The Singing Ringing Tree (1957) – Film Review
Director: Francesco Stefani
Cast: Christel Bodenstein, Charles Hans Vogt, Eckart Dux
By Sarah Morgan
While some of us have nightmares about watching horror movies, others find other things far more frightening.
For instance, I still can’t watch Watership Down after a school trip to see it, during which the youngest children were placed on the front row, thus getting to see everything in gory detail in larger-than-life Technicolor.
Perhaps more strangely, I’ve got an uncle with a phobia of buttons who can’t look at the screen if children’s favourite Button Moon is on TV.

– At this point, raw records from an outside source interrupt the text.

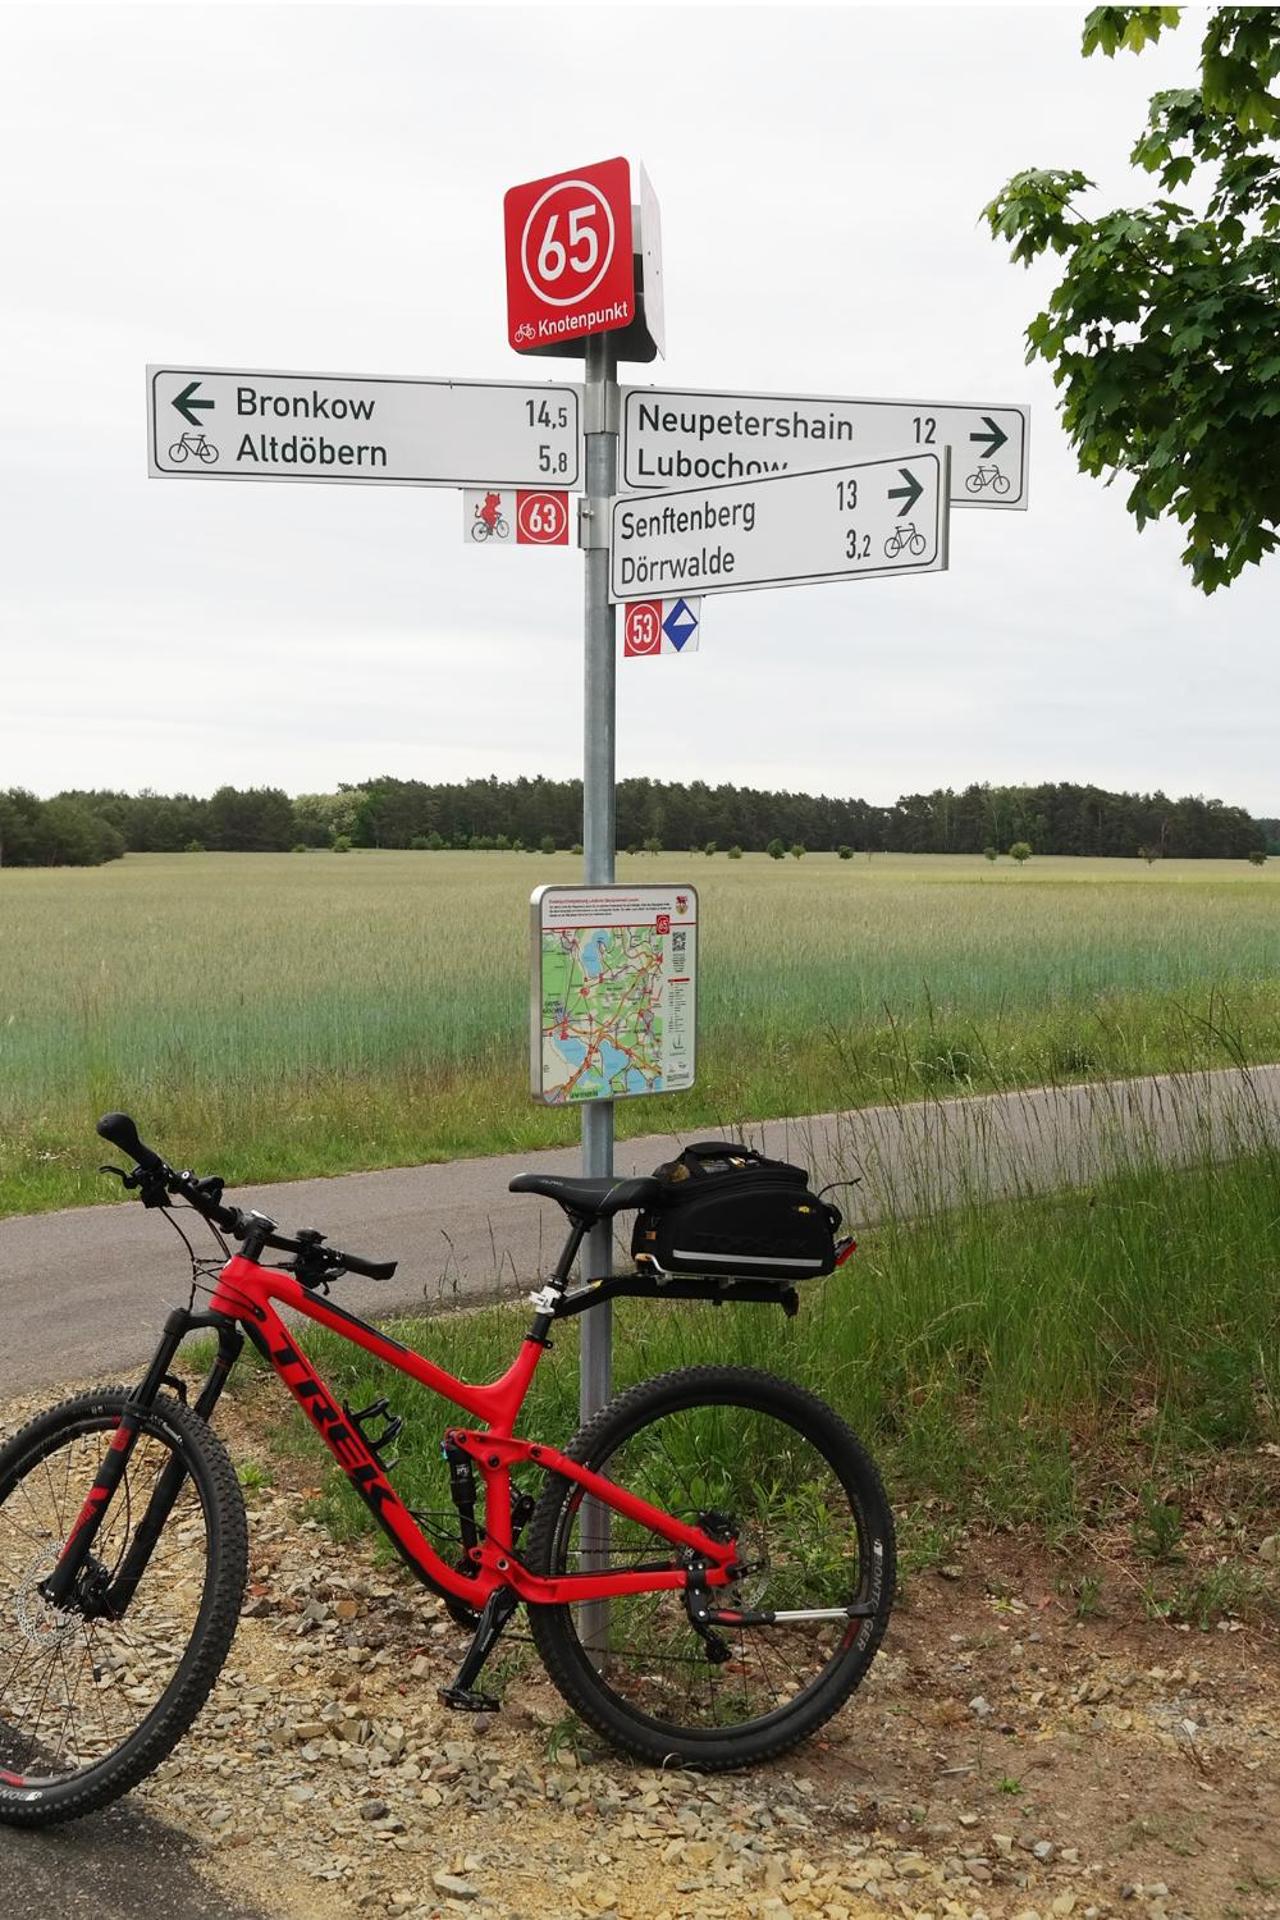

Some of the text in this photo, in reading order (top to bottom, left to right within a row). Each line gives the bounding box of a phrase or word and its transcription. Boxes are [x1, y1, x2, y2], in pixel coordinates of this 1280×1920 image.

[539, 204, 599, 281] 65
[538, 301, 628, 337] Knotenpunkt
[237, 387, 568, 429] Bronkow 14,5
[638, 404, 937, 444] Neupetershain 12
[236, 434, 568, 473] Altdöbern 5,8
[529, 503, 556, 531] 63
[621, 480, 858, 540] Senftenberg 13
[621, 529, 871, 584] Dörrwalde 3,2
[632, 612, 653, 644] 53
[274, 1331, 398, 1511] TREK
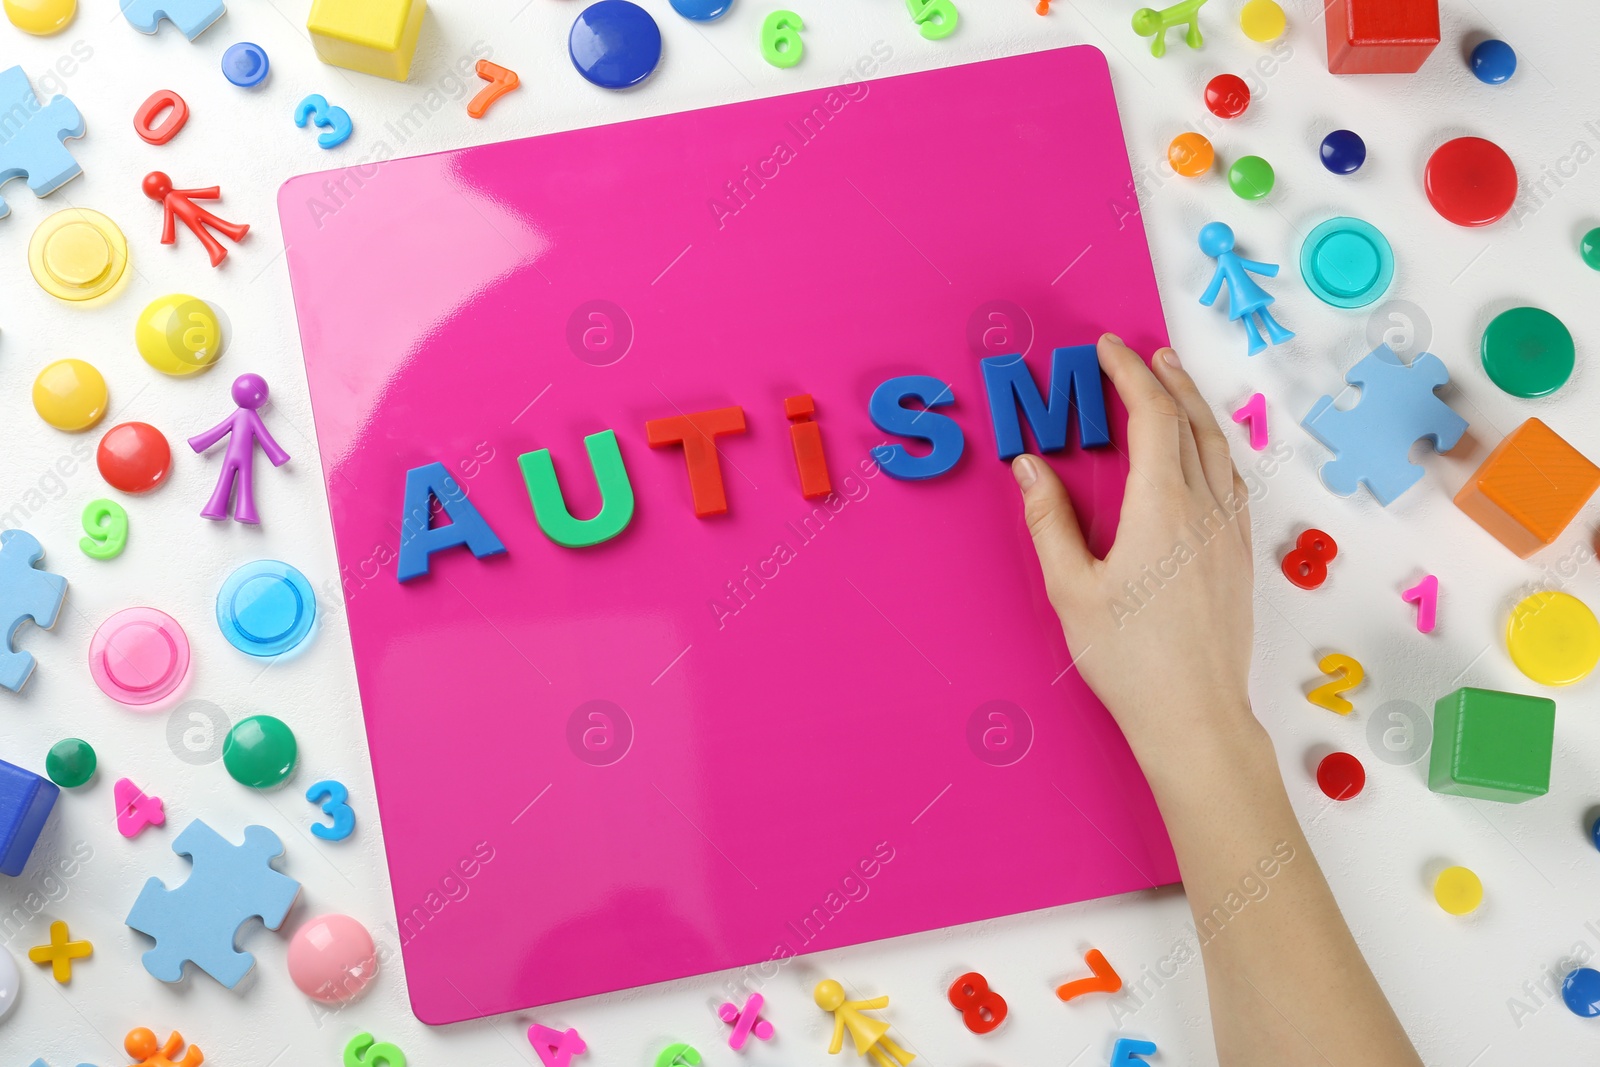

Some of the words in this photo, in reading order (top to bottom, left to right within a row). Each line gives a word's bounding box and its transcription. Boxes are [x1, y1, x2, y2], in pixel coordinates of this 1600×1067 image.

Others of a certain age turn a funny colour whenever The Singing Ringing Tree is mentioned.
Made by the East German production company DEFA in 1957, this bizarre fairy tale came in at number 95 in Channel 4’s The 100 Greatest Scary Moments programme from 2003, and a year later, ranked as high as number 20 in a Radio Times poll to find the spookiest TV show ever.
It actually started out as a film but was cut into three parts by the BBC and first screened in late 1964 as part of the its ‘Tales from Europe’ strand, with an added English language voiceover. It was repeated many times until around 1980, when it seemed to fall out of favour – perhaps those who had seen the original broadcast were now in charge of scheduling and, still traumatised by their own experiences, decided they didn’t want their own offspring to see it.
This new Blu-ray release contains the original feature-length version in two formats – widescreen and fullscreen (the latter would have been how it looked when it was broadcast on TV, albeit not in three parts).
The story has a strong moral core to it involving a selfish princess, the prince who wants to marry her, an evil dwarf and, of course, the titular tree.
Spells are cast and curses made, but it all comes down to this – the princess must change her ways or risk being ugly for the rest of her life.
The Singing Ringing Tree probably looks a little tame to modern audiences, but there’s no denying it has an odd otherworldly atmosphere. If you’re part of the generation who watched it between 1964 and 1980, watching it again will certainly be a trip down memory lane – albeit one that could strike fear into your heart.